ONNX conversion from VisionEncoderDecoderModel with different dimensions
See original GitHub issueSystem Info
transformers
version: 4.23.0.dev0- Platform: Linux-4.4.0-87-generic-x86_64-with-glibc2.23
- Python version: 3.9.13
- Huggingface_hub version: 0.10.0
- PyTorch version (GPU?): 1.12.1 (True)
Who can help?
@NielsRogge, @patrickvonplaten
Information
- The official example scripts
- My own modified scripts
Tasks
- An officially supported task in the
examples
folder (such as GLUE/SQuAD, …) - My own task or dataset (give details below)
Reproduction
I am trying to convert a VisionEncoderDecoder model to ONNX using the feature that has been recently merged https://github.com/huggingface/transformers/pull/19254. However, when two pretrained models whose model dimensions are different, It reproduces errors as below.
Model Load & Save
from transformers import VisionEncoderDecoderModel, BertTokenizer, AutoFeatureExtractor
encoder_name_or_path = "hf-internal-testing/tiny-random-vit"

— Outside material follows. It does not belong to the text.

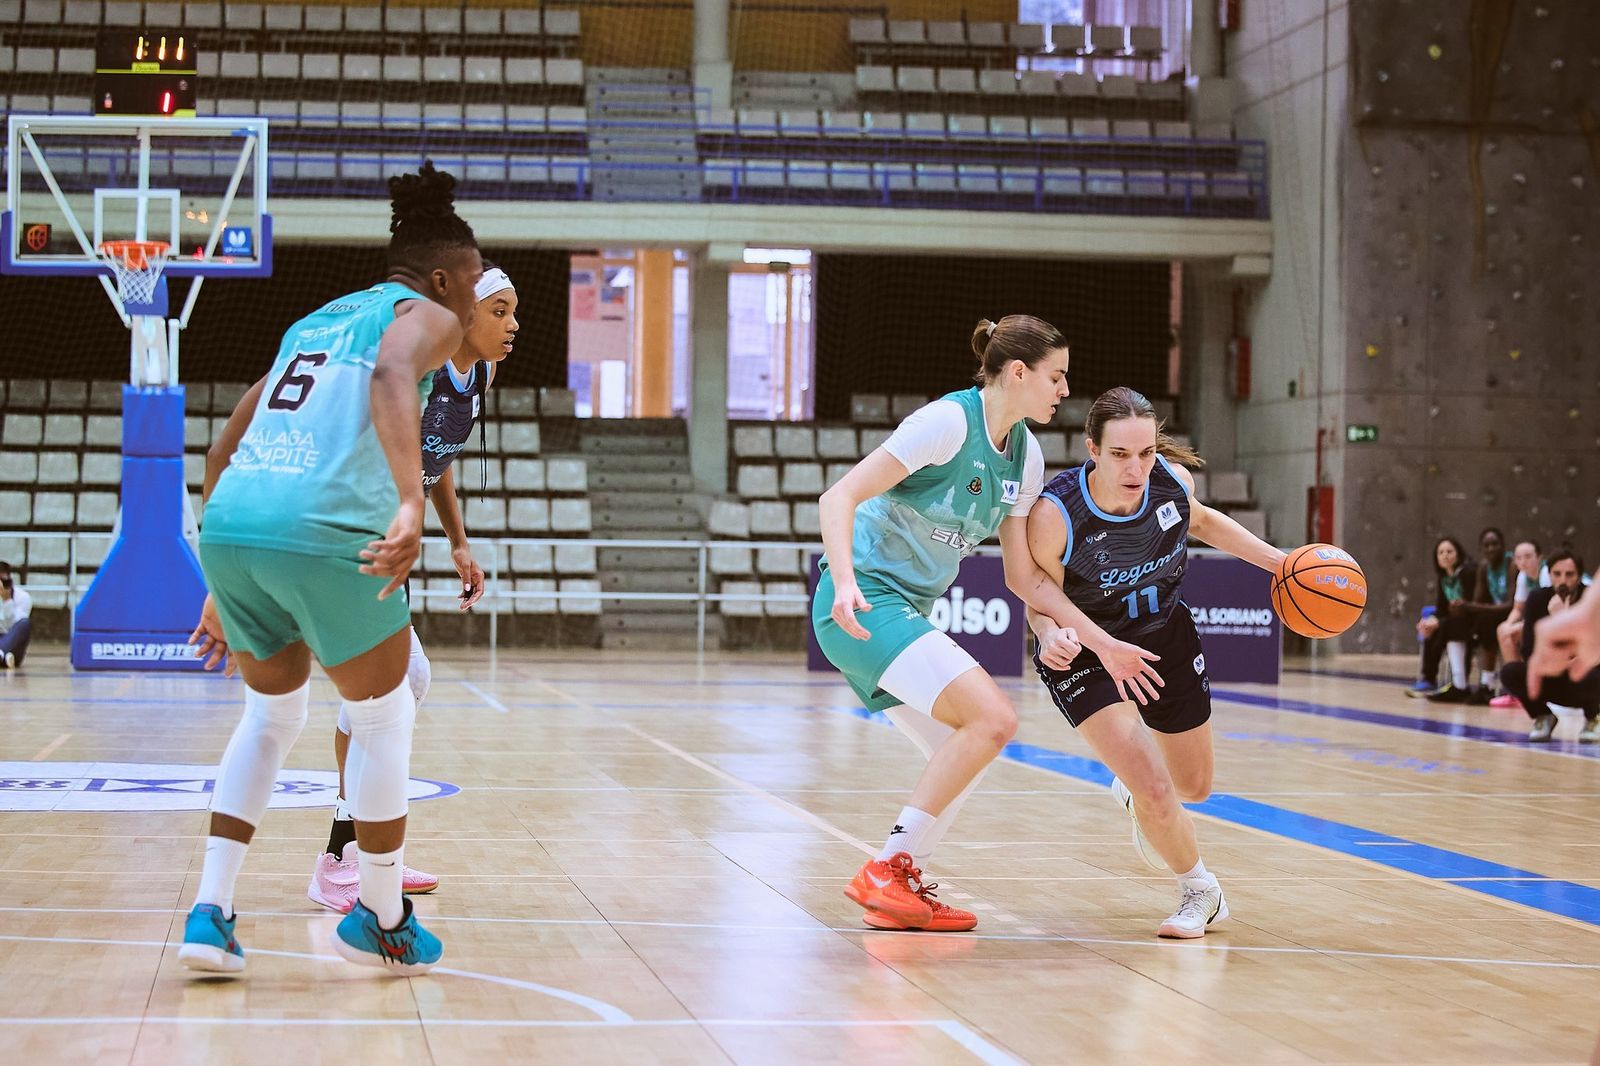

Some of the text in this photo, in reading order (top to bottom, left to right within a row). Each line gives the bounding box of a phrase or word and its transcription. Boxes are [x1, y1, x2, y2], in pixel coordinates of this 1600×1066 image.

[267, 352, 328, 412] 6
[1121, 585, 1160, 619] 11
[1208, 607, 1273, 625] SORIANO
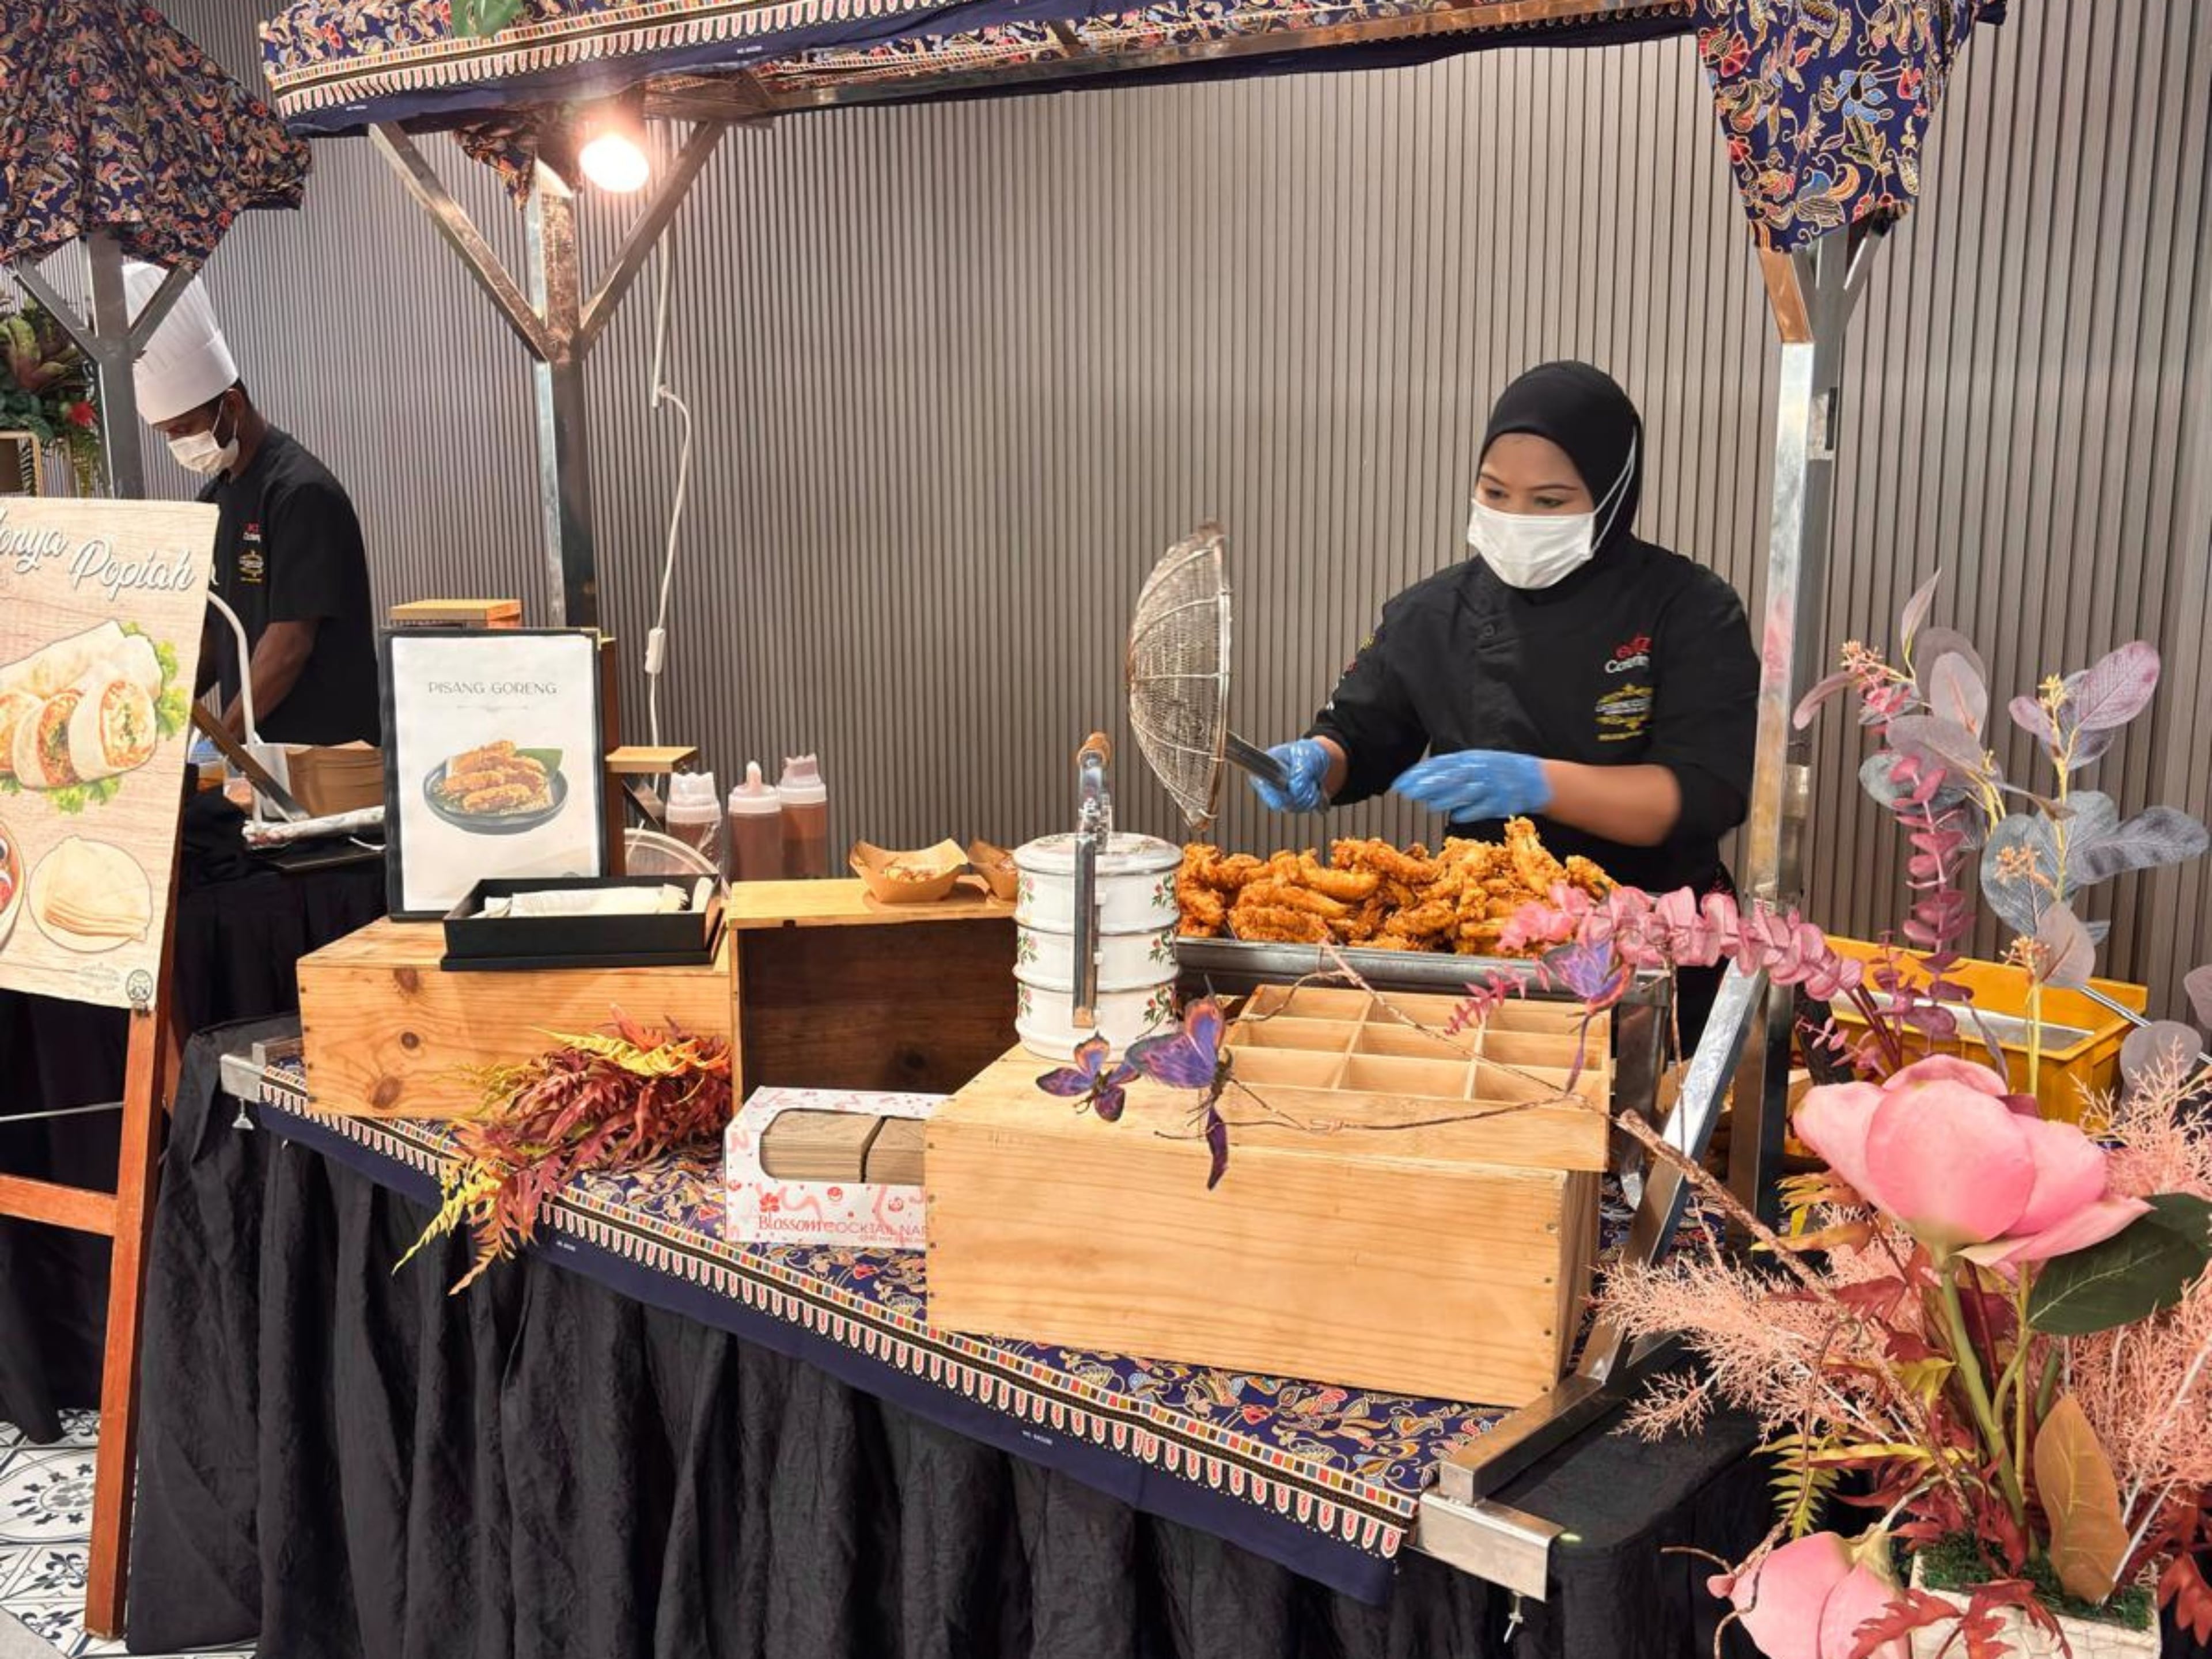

decoder_name_or_path = "fnlp/bart-base-chinese"
model = VisionEncoderDecoderModel.from_encoder_decoder_pretrained(
encoder_name_or_path,
decoder_name_or_path,
)
tokenizer = BertTokenizer.from_pretrained(decoder_name_or_path)
feature_extractor = AutoFeatureExtractor.from_pretrained(encoder_name_or_path)
output_dir = "outputs"
model.save_pretrained(output_dir)
feature_extractor.save_pretrained(output_dir)
tokenizer.save_pretrained(output_dir)
Model Structure
VisionEncoderDecoderModel(
(encoder): SwinModel(...)
(decoder): BartForCausalLM(...)
(enc_to_dec_proj): Linear(in_features=32, out_features=768, bias=True)
)
There exists a new linear layer to project encoder hidden states in modeling_vision_encoder_decoder.py#L217
# encoder outputs might need to be projected to different dimension for decoder
if (
self.encoder.config.hidden_size != self.decoder.config.hidden_size
and self.decoder.config.cross_attention_hidden_size is None
):
self.enc_to_dec_proj = nn.Linear(self.encoder.config.hidden_size, self.decoder.config.hidden_size)
Conversion to ONNX
python -m transformers.onnx --model=outputs/ --feature=vision2seq-lm onnx/ --atol 1e-3
Output:
Traceback (most recent call last):
File "/home/user/anaconda3/envs/swinocr/lib/python3.9/runpy.py", line 197, in _run_module_as_main
return _run_code(code, main_globals, None,
File "/home/user/anaconda3/envs/swinocr/lib/python3.9/runpy.py", line 87, in _run_code
exec(code, run_globals)
File "/backup2/mkf/transformers/src/transformers/onnx/__main__.py", line 180, in <module>
main()
File "/backup2/mkf/transformers/src/transformers/onnx/__main__.py", line 118, in main
onnx_inputs, onnx_outputs = export(
File "/backup2/mkf/transformers/src/transformers/onnx/convert.py", line 339, in export
return export_pytorch(preprocessor, model, config, opset, output, tokenizer=tokenizer, device=device)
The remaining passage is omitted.